Sounds like a big hassle.I'm glad it isn't like that here in Ohio.If you go to the BMV at the right time,you're in and out in under 30min including waiting for new driver's license.We didn't have to register our canoe and we tie it to the top of the van so we don't need a trailer.It ain't a big luxury cabin cruiser but we still have a lot of fun.I need to get a couple of decent life vests.We have the big orange ones that are a pain and get in the way.Last year I took it off and a park ranger came out of no where and scolded me and threatened to ticket me.


----------



## Maryellen

Oh yeah what a hassle.. that stinks you had to go thru that


----------



## seminole wind

dawg53 said:


> I truly hate going to the tax collectors office for anything, what a pain in the butt! I have to get there 1/2 hour early before they open. If not, I'll be in there all day long. Even when I get there early, there's always 2 or 3 people before me!
> Registering anything with the state of Florida is a real challenge and they dont cut you no slack.
> They charge you fee after fee after fee for the most nitnoid reasons. (However, I do like e-titles for $10 extra.)
> I bought my new boat trailer yesterday. It has the model and serial numbers etc, on the sales paperwork which includes sales tax and price. I cant register it because I have to wait 2 weeks for the certificate of origin from the manufacturer. By state law, I have 30 days to register it or face penalties. Cutting it close.
> The good thing about all this nonsense is that once it's in the system, renewing registrations can be done online or by mail. I do it by mail and choose to register everything for 2 years because it's MUCH CHEAPER AFTER the initial registration.
> When I switched residency from Georgia to Florida, I had to show a hand written letter from my wife that I was living at the same address as her, along with 2 documents showing proof of the address where I was residing (utility bill, phone bill.)
> It reminds me of a WWll movie, like at a German checkpoint, gotta show your papers to the guards to let you through. Sheeesh.


Nitnoid is right. Yes renewing online is the way to go


----------



## seminole wind

However, I had a beautiful day Monday at the beach casting. It was just a lot of fun being there. 

2 weeks worth of aggravation on the scripts. I finally called the doc's office and she said she will refax the script that was made for 9 months!! 2 hours later I go to the pharmacy, but they haven't filled it yet. So I wait. She says all they have is 3 pills and she will order more. All this trouble and they have no stock but 3 pills. Aside from me, who didn't restock before they had only 3 pills. And anti cholesterol pills are not rare!!! I am over people. No wonder I live the life of a hermit.


----------



## chickenqueen

I understand how you feel about people.I've always said I'm not racist,I hate everybody!!!!LOL I prefer the company of my animals anymore and Dale,I still like being around him(well,most of the time).


----------



## seminole wind

That sounds like being acceptable racist. Lately my parents have been annoying too. My dad- I'm in the middle of a sentence and he turns to start talking with someone else! I got so mad (inside) I left. 

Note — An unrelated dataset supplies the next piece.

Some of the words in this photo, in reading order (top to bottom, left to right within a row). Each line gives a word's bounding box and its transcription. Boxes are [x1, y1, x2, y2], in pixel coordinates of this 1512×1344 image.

I've been practicing that for a year now. If someone has to converse with somebody else in the middle of my conversation, I just walk away or ignore them after that. Some actually get the message! I really don't need anyone making me feel less important. 

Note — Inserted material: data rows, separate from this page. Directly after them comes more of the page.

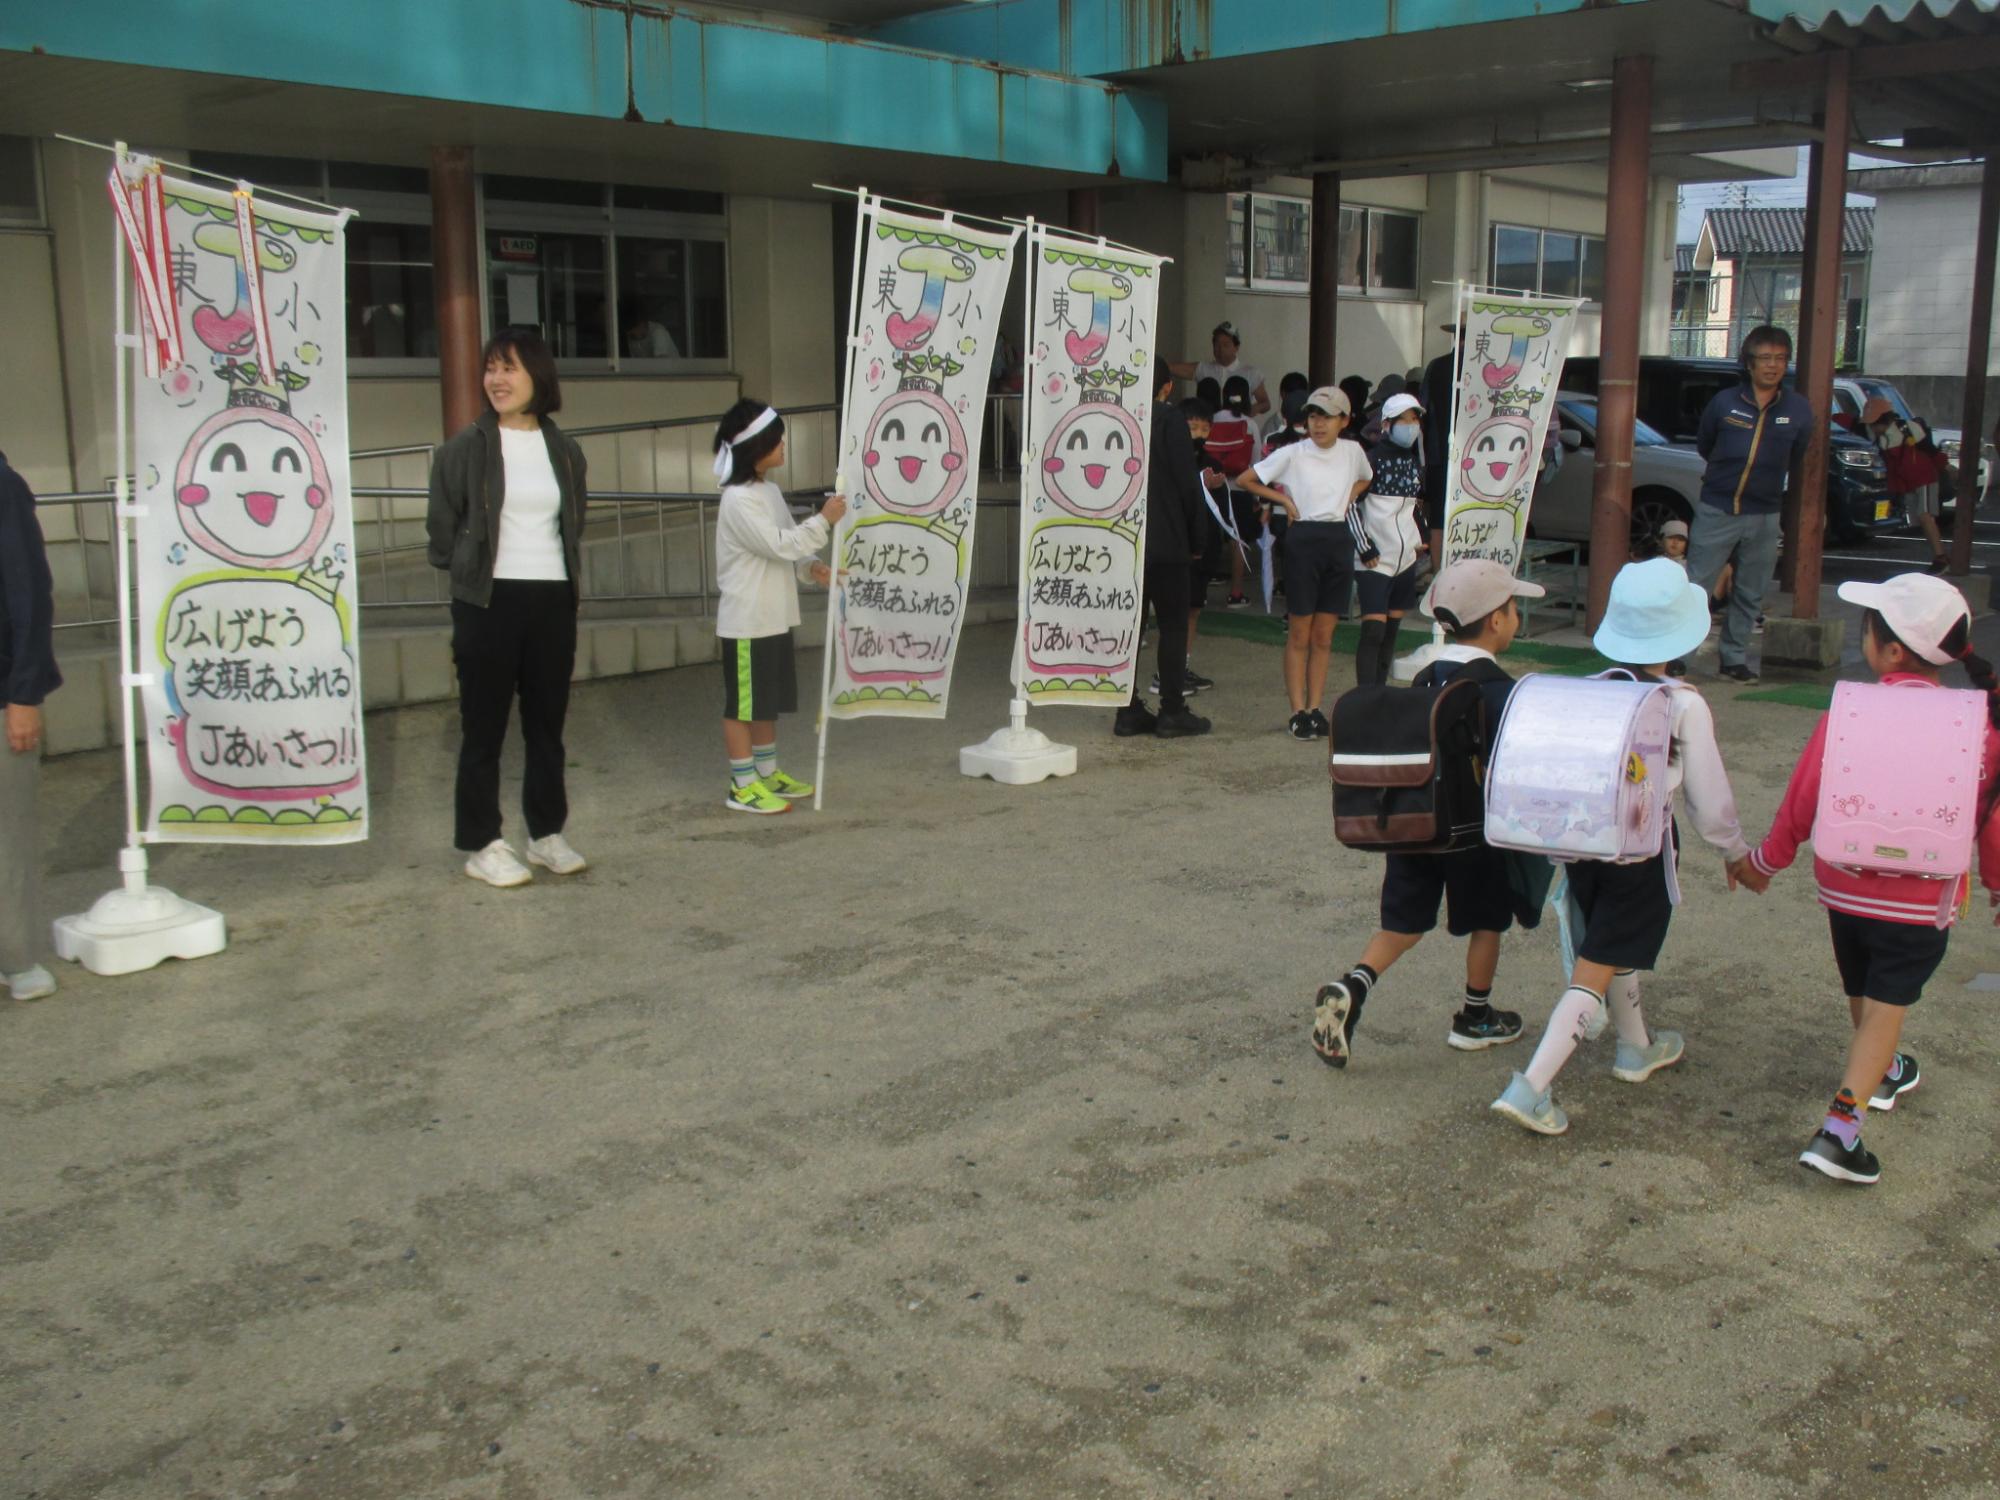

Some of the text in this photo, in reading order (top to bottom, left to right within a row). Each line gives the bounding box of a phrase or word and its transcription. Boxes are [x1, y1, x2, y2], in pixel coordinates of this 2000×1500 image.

[512, 239, 535, 250] AED
[845, 534, 929, 576] 広げよう
[1029, 536, 1112, 574] 広げよう
[848, 576, 955, 616] 笑顔あふれる
[1032, 576, 1135, 611] 笑顔あふれる
[168, 600, 304, 653] 広げよう
[187, 657, 350, 702] 笑顔あふれる

I'm glad More and more stuff can get done online. Makes for less contact with flesh and bone people.


----------



## chickenqueen

The other day some "friend" came to get my brother to send him back to FLA.My brother had been here since July because he was drunk,really,really sick and homeless in FLA.We got him well,he had quit drinking for a couple of months and I was trying to talk him into getting a job.When the "friend" was waiting for him I went out to ask why he was sending my brother back to FLA to be drunk and homeless,to go back on welfare and spend his days figuring out different ways to buy alcohol w/ food stamps.Well,the "friend" preferred to play w/ his phone,ignoring what I was trying to tell him. So I quit trying and went to talk to the chickens-who always listen to what I have to say.I figure my brother is 48 y o and if he wants to live like that,so be it.This is the 2nd time we tried to help him and I'm not going through it again.He prefers drunk and homeless and sick and he can have it.It hurts to see him like that but we tried to help him.I no longer feel bad or sorry for him.He choose drunk and homelessness and he has to live w/ the consequences.It's beyond my control...


----------



## dawg53

He hasnt hit rock bottom to want or need help.
Pray for him.


----------



## seminole wind

Yes pray for him. My first husband was an alcoholic and rock bottom did not stop him. I was his "enabler" for 11 years. About 10+ years after that it finally killed him. I guess death was rock bottom. It's a hard thing to quit. Can't say everyone finally does save themselves. What I learned is that no matter what you say or do , nothing but the alcoholic can save themselves.


----------



## dawg53

I got my Certificate of Origin for the boat trailer today. I'll be heading over to the tax collectors office first thing in the morning with all the paperwork. 
I told my wife that I'm surprised Florida doesnt require a Certificate of Origin for toilet paper, good grief.


----------



## seminole wind

LoL. I don't get why they want to plug up their system with alot of stuff they don't need to. Oh wait. They need their jobs.
Have fun tomorrow.


----------



## seminole wind

Haven't really done anything this week. I got my package of 3" tall numbers. They are going to look pretty big on a 9 foot boat.


----------



## seminole wind

I am back on the boat hunt for a little 20 foot deck boat (cushions around the outside and not in the middle.)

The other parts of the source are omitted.